*EXERCISE DATA*.

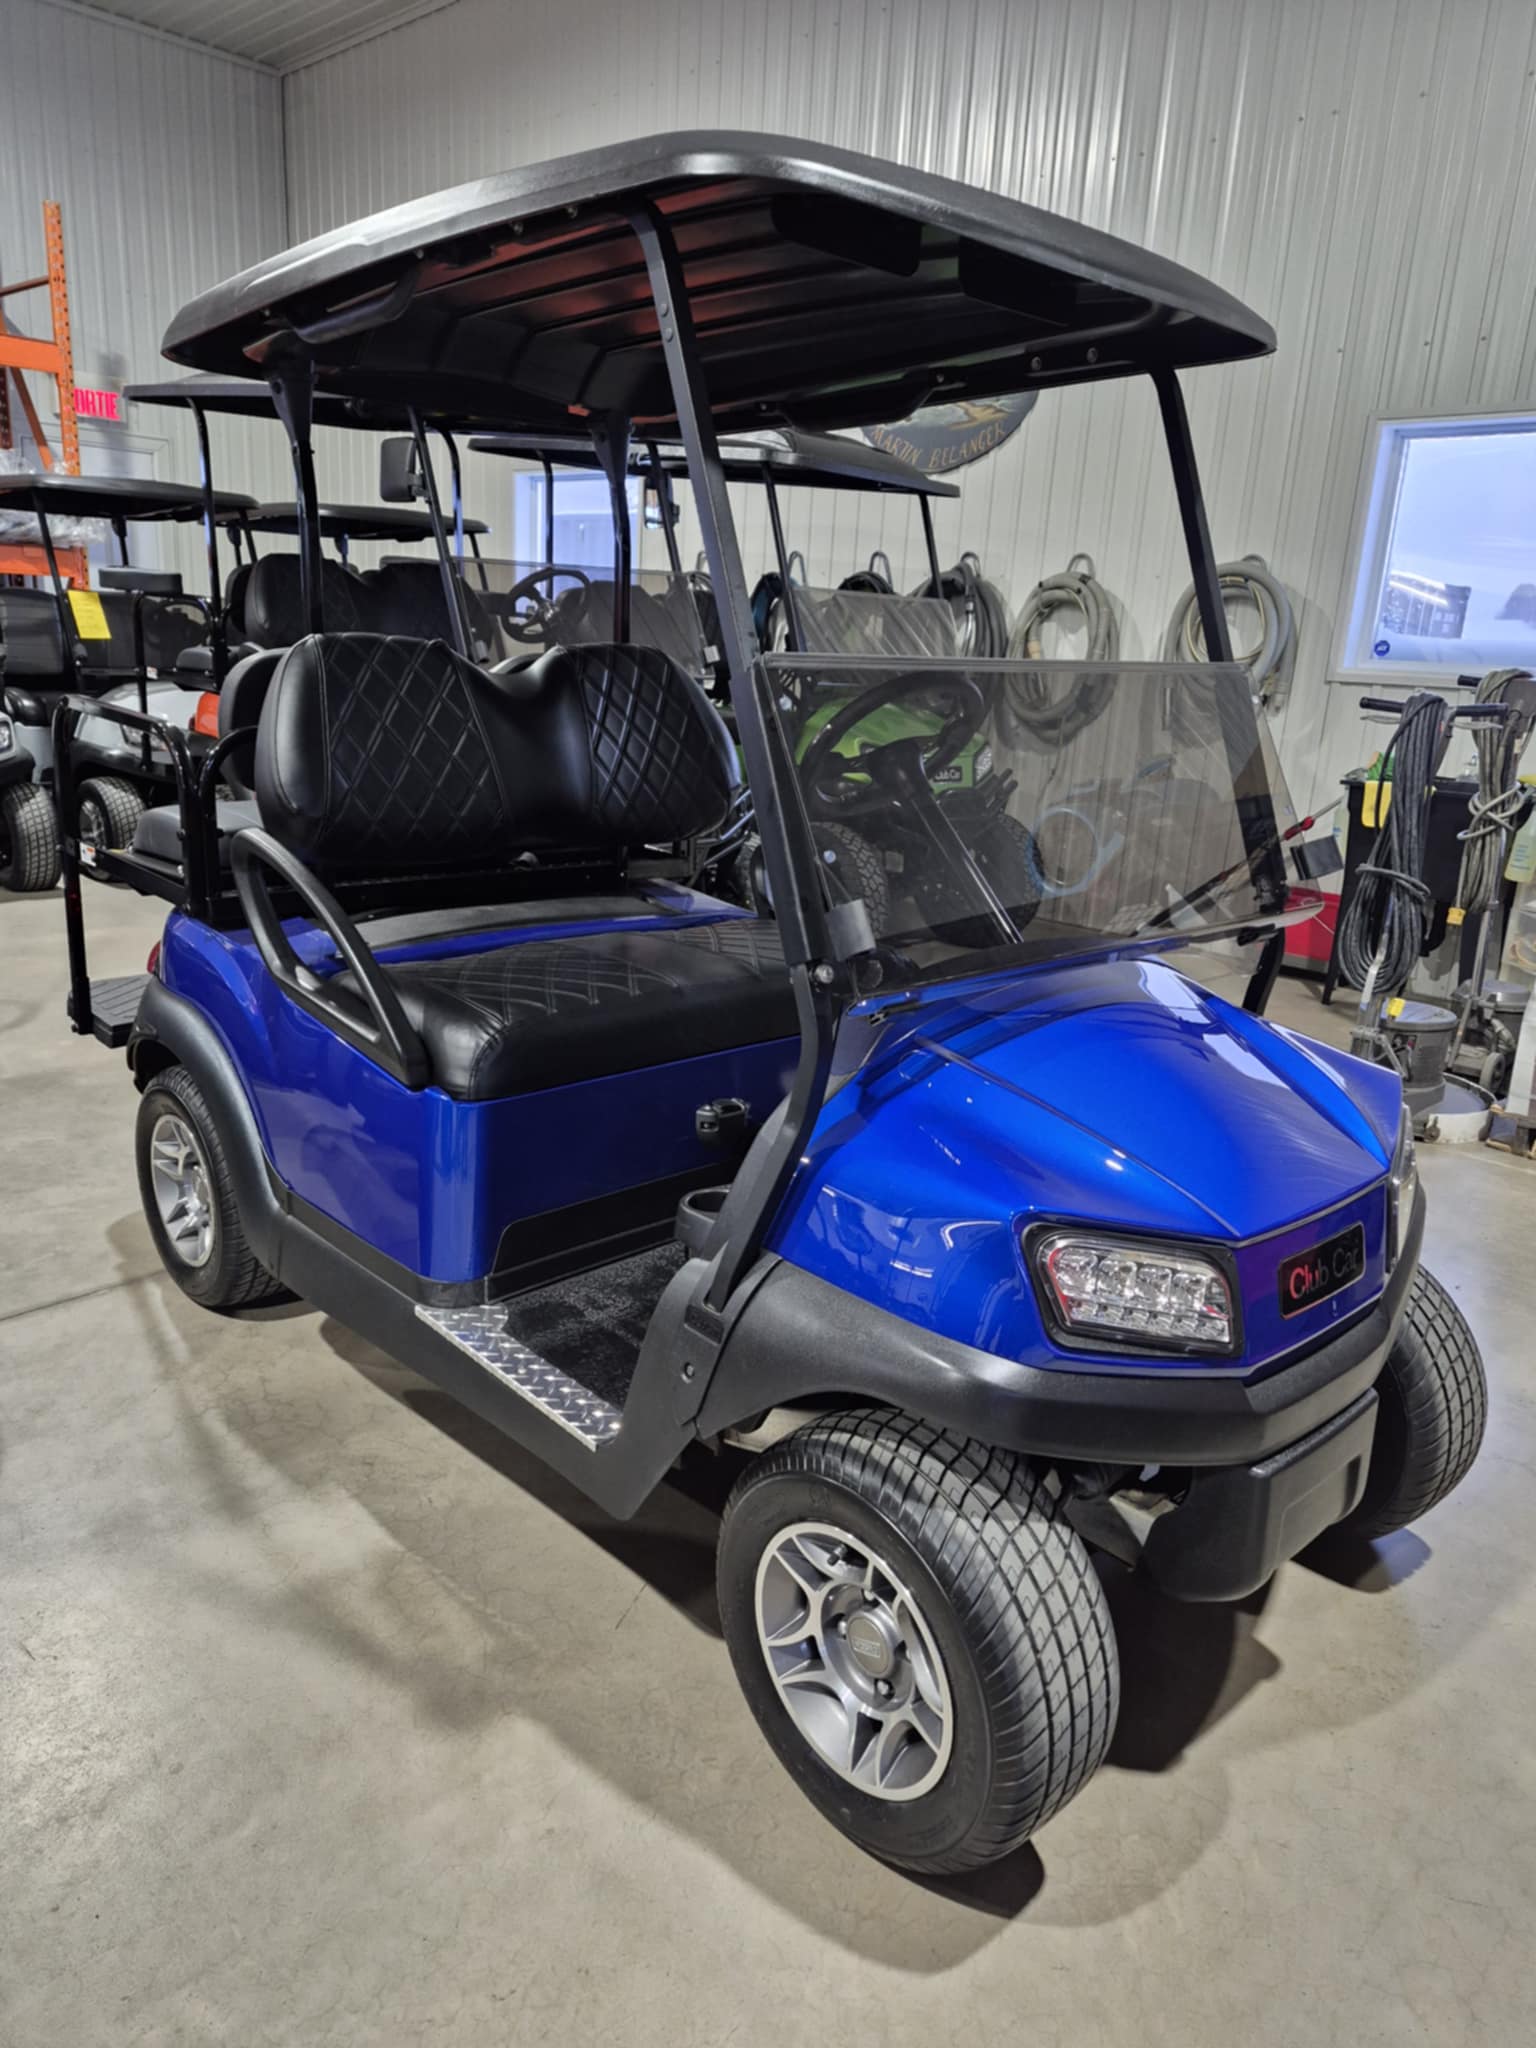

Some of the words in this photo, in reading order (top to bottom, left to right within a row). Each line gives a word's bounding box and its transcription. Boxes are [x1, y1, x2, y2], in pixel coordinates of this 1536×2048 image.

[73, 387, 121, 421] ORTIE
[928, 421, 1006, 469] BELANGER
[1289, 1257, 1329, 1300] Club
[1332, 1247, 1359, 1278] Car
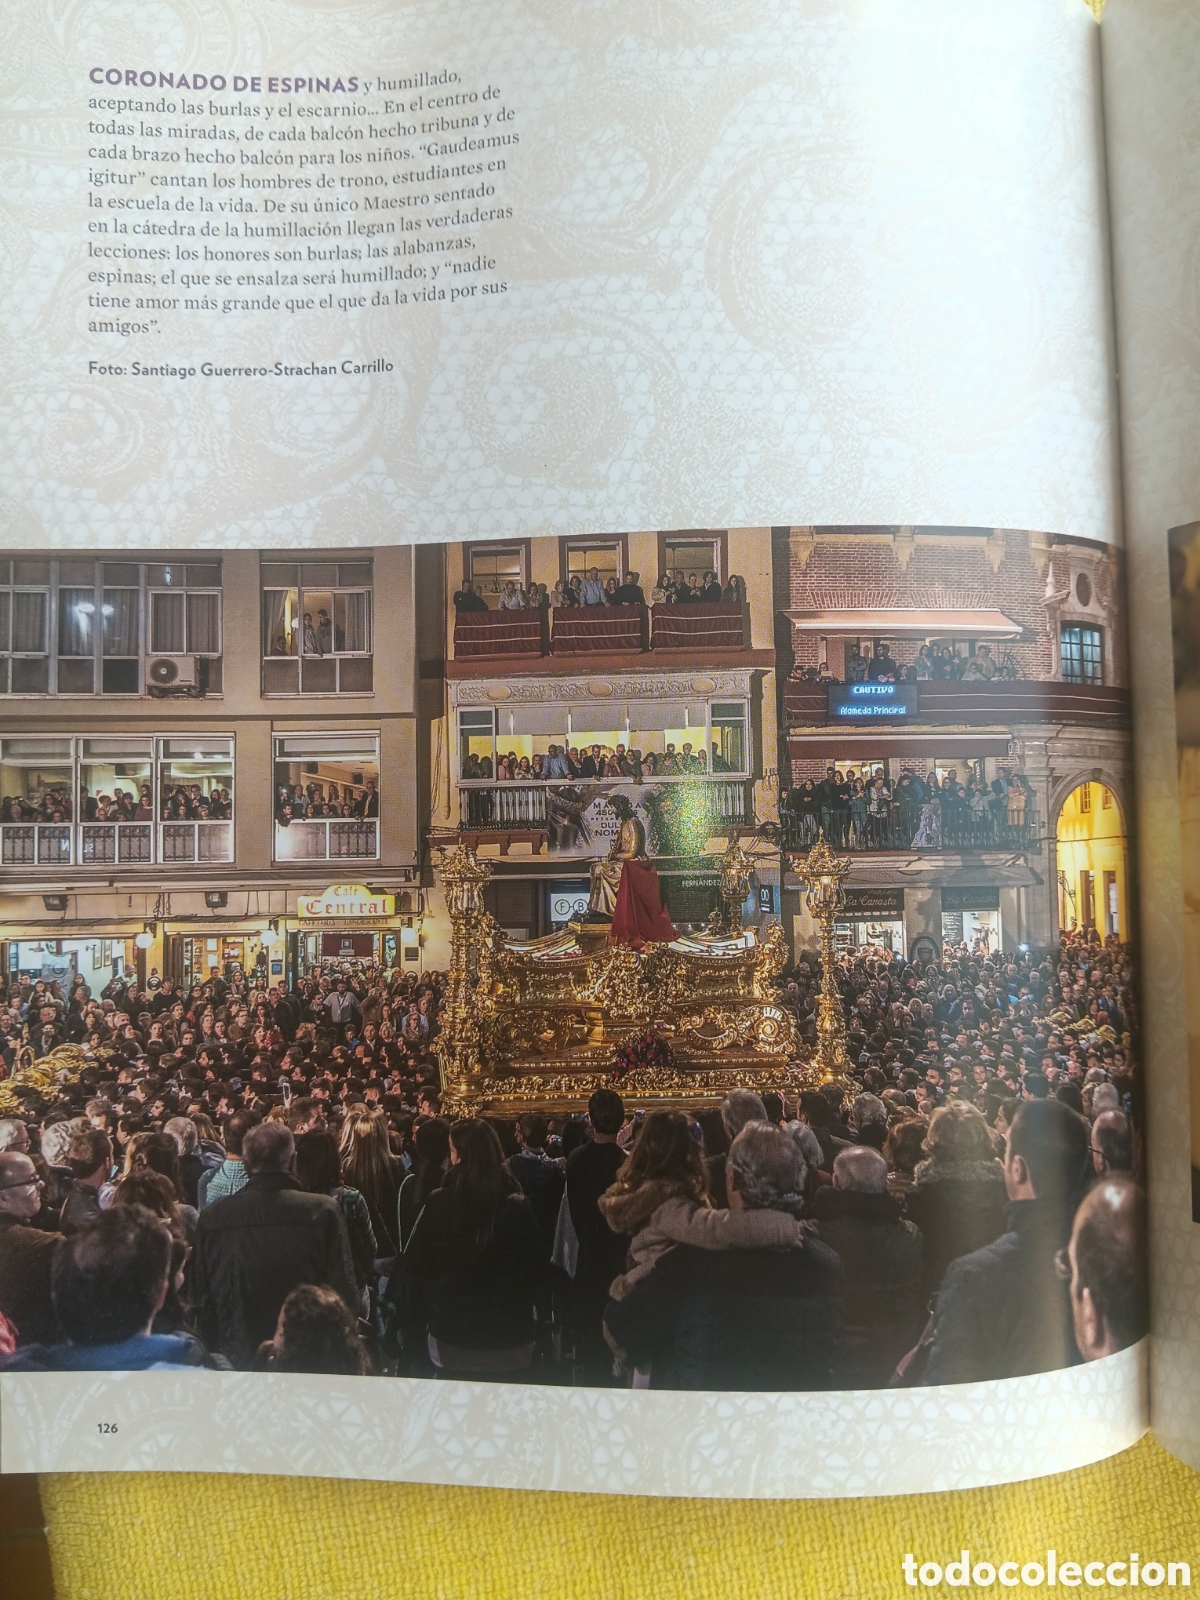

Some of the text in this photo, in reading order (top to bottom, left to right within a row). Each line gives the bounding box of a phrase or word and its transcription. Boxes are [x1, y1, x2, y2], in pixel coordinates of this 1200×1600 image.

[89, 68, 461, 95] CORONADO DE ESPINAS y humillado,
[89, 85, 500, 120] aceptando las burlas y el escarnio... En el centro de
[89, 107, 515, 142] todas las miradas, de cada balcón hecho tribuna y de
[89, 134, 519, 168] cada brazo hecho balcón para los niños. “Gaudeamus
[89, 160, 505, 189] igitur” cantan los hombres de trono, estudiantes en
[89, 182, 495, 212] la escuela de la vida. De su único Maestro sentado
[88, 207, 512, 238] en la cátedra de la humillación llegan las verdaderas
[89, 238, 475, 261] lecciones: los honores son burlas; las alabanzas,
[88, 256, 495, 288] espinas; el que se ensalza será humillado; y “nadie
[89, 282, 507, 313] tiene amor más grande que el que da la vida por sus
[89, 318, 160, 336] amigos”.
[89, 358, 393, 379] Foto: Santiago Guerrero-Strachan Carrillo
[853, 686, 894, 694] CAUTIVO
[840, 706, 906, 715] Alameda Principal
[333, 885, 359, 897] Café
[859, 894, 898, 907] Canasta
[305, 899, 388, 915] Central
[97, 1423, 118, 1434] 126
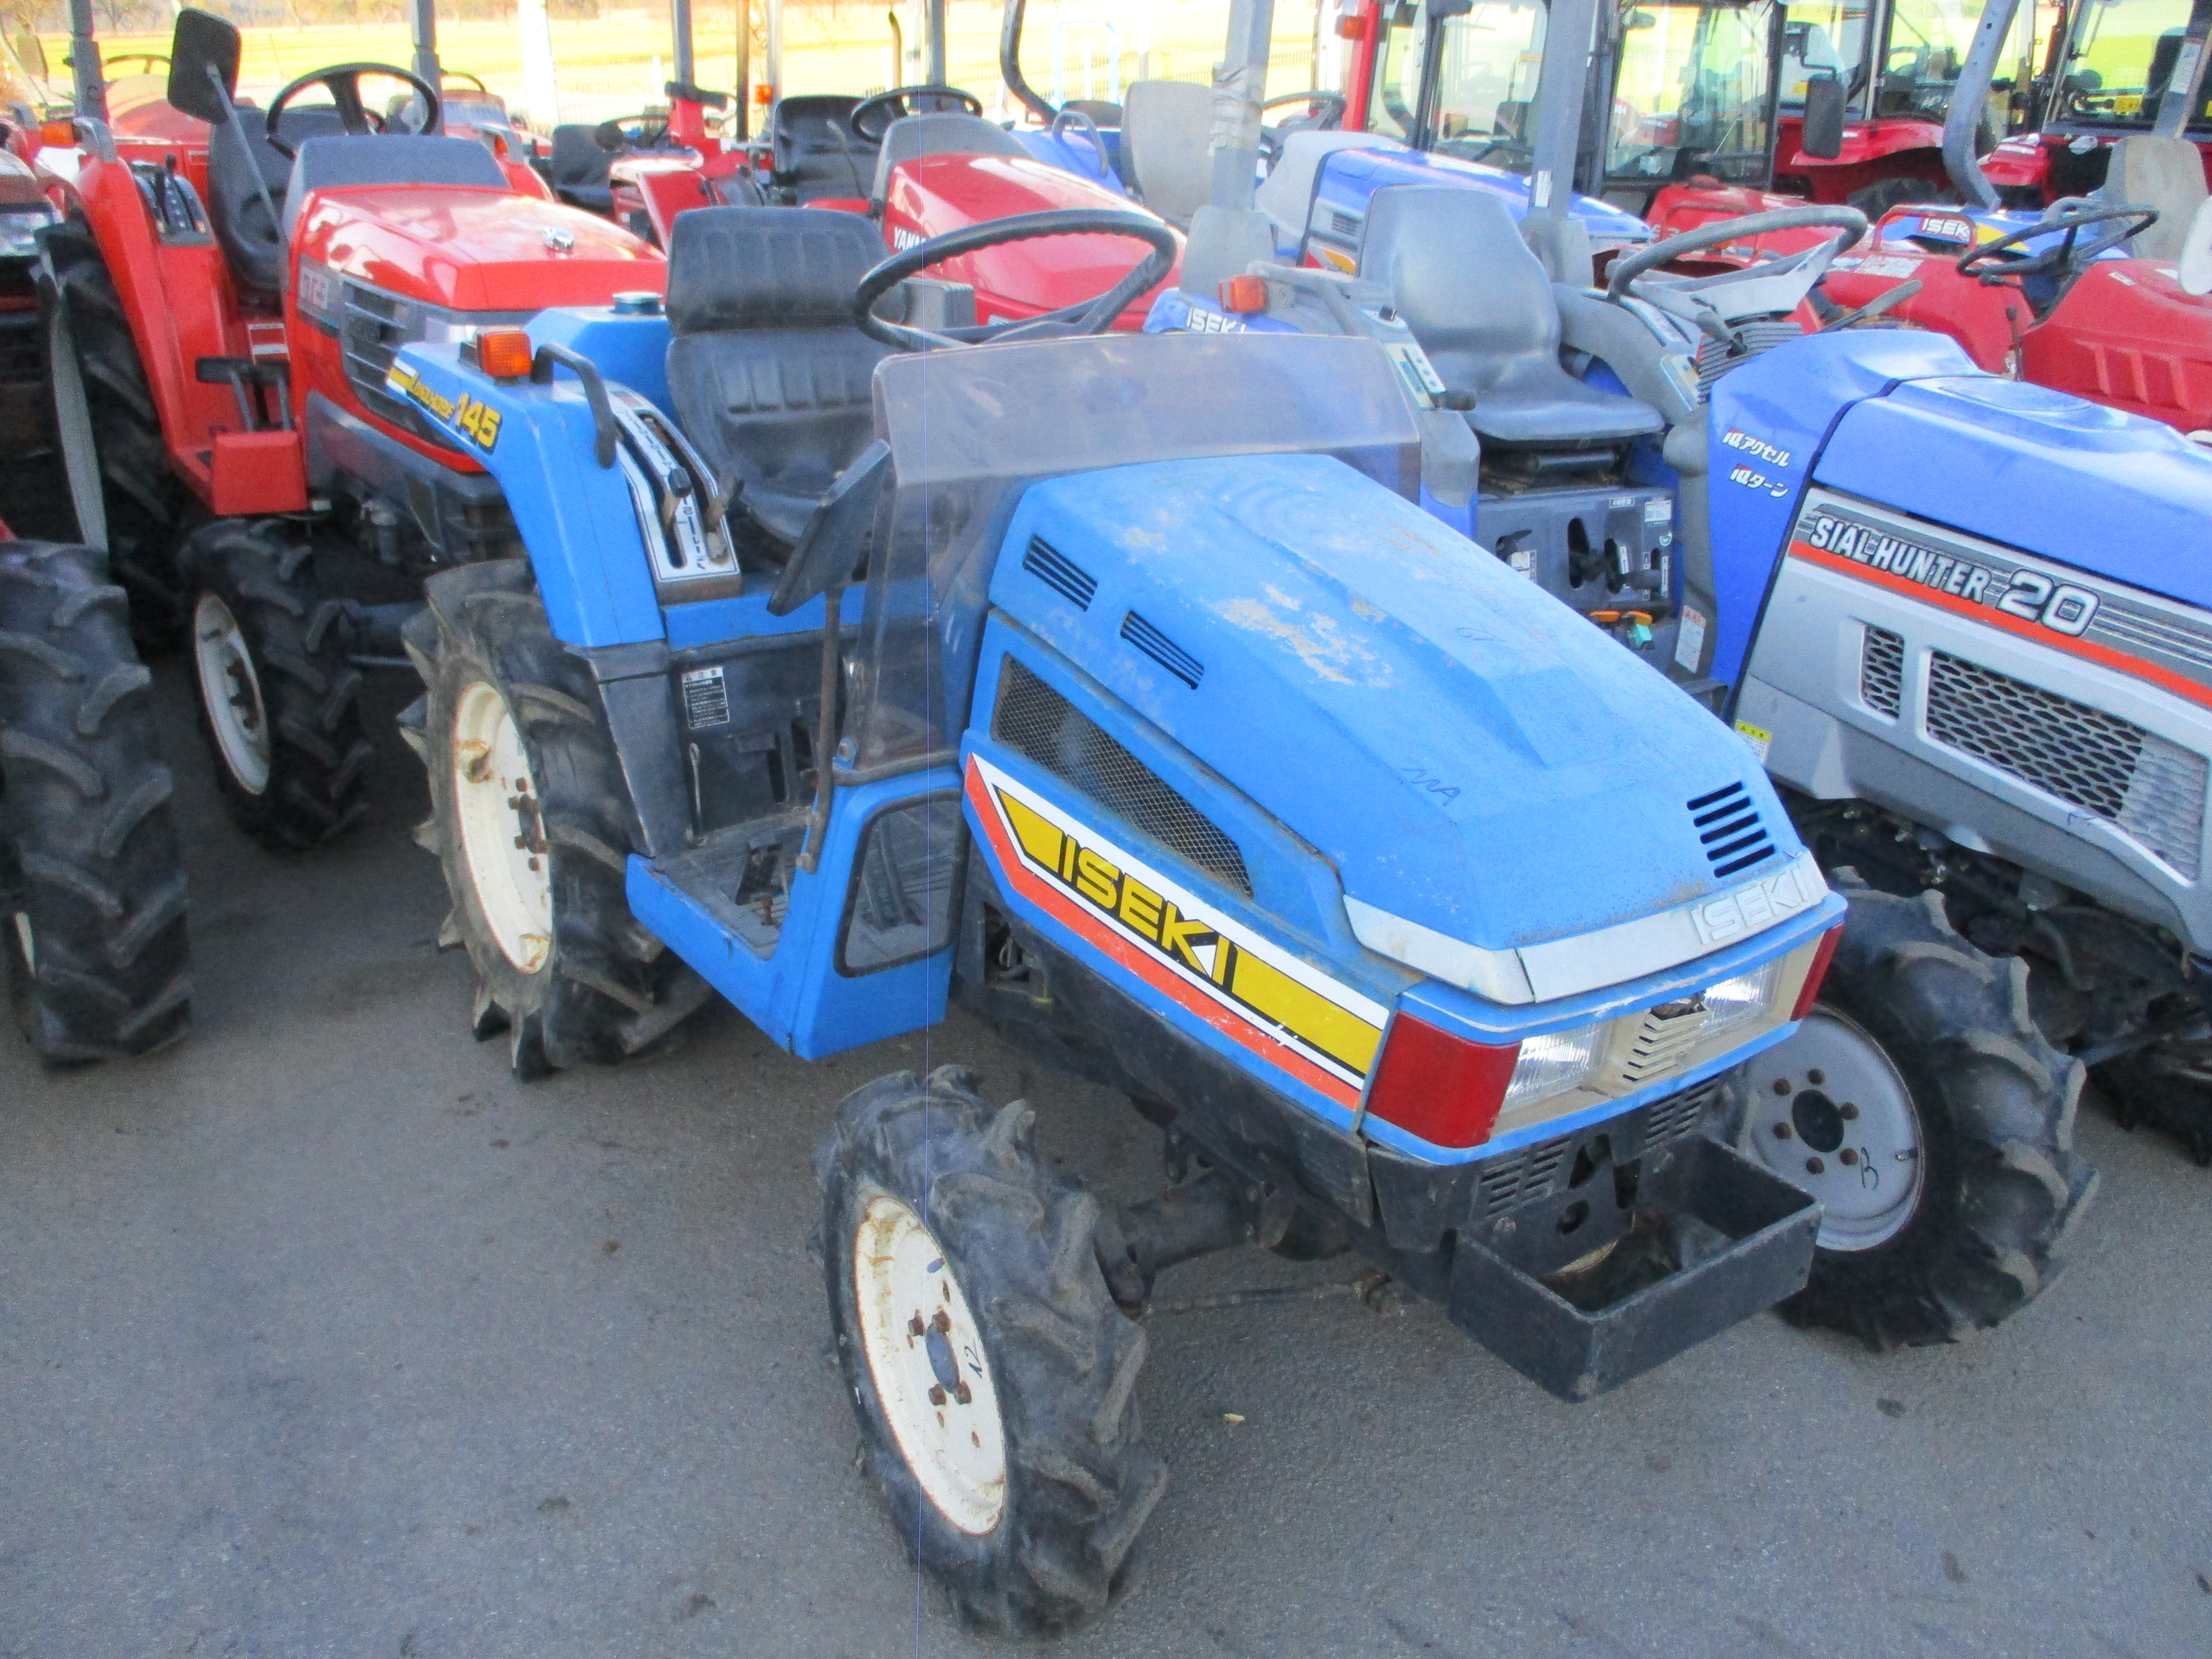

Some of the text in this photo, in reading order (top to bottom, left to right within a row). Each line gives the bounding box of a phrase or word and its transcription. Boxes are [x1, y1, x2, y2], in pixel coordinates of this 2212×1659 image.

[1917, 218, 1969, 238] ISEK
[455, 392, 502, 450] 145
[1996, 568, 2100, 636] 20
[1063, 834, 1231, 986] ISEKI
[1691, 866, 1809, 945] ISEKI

*ACTIVITY*.
Reproduce the data word for word without its images.

*ANSWER SECTION*.
Some of the words in this photo, in reading order (top to bottom, left to right within a row). Each line gives a word's bounding box and its transcription. Boxes are [x1, y1, x2, y2], in pixel coordinates of this 1536×2048 image.

[73, 387, 121, 421] ORTIE
[928, 421, 1006, 469] BELANGER
[1289, 1257, 1329, 1300] Club
[1332, 1247, 1359, 1278] Car

Some of the text in this photo, in reading order (top to bottom, left to right within a row). Each line gives the bounding box of a phrase or word and its transcription. Boxes are [x1, y1, x2, y2], in pixel coordinates of this 1200×1600 image.

[89, 68, 461, 95] CORONADO DE ESPINAS y humillado,
[89, 85, 500, 120] aceptando las burlas y el escarnio... En el centro de
[89, 107, 515, 142] todas las miradas, de cada balcón hecho tribuna y de
[89, 134, 519, 168] cada brazo hecho balcón para los niños. “Gaudeamus
[89, 160, 505, 189] igitur” cantan los hombres de trono, estudiantes en
[89, 182, 495, 212] la escuela de la vida. De su único Maestro sentado
[88, 207, 512, 238] en la cátedra de la humillación llegan las verdaderas
[89, 238, 475, 261] lecciones: los honores son burlas; las alabanzas,
[88, 256, 495, 288] espinas; el que se ensalza será humillado; y “nadie
[89, 282, 507, 313] tiene amor más grande que el que da la vida por sus
[89, 318, 160, 336] amigos”.
[89, 358, 393, 379] Foto: Santiago Guerrero-Strachan Carrillo
[853, 686, 894, 694] CAUTIVO
[840, 706, 906, 715] Alameda Principal
[333, 885, 359, 897] Café
[859, 894, 898, 907] Canasta
[305, 899, 388, 915] Central
[97, 1423, 118, 1434] 126

Some of the text in this photo, in reading order (top to bottom, left to right within a row). Each line gives the bounding box of a phrase or word and its transcription. Boxes are [x1, y1, x2, y2], in pixel coordinates of this 2212×1659 image.

[1917, 218, 1969, 238] ISEK
[455, 392, 502, 450] 145
[1996, 568, 2100, 636] 20
[1063, 834, 1231, 986] ISEKI
[1691, 866, 1809, 945] ISEKI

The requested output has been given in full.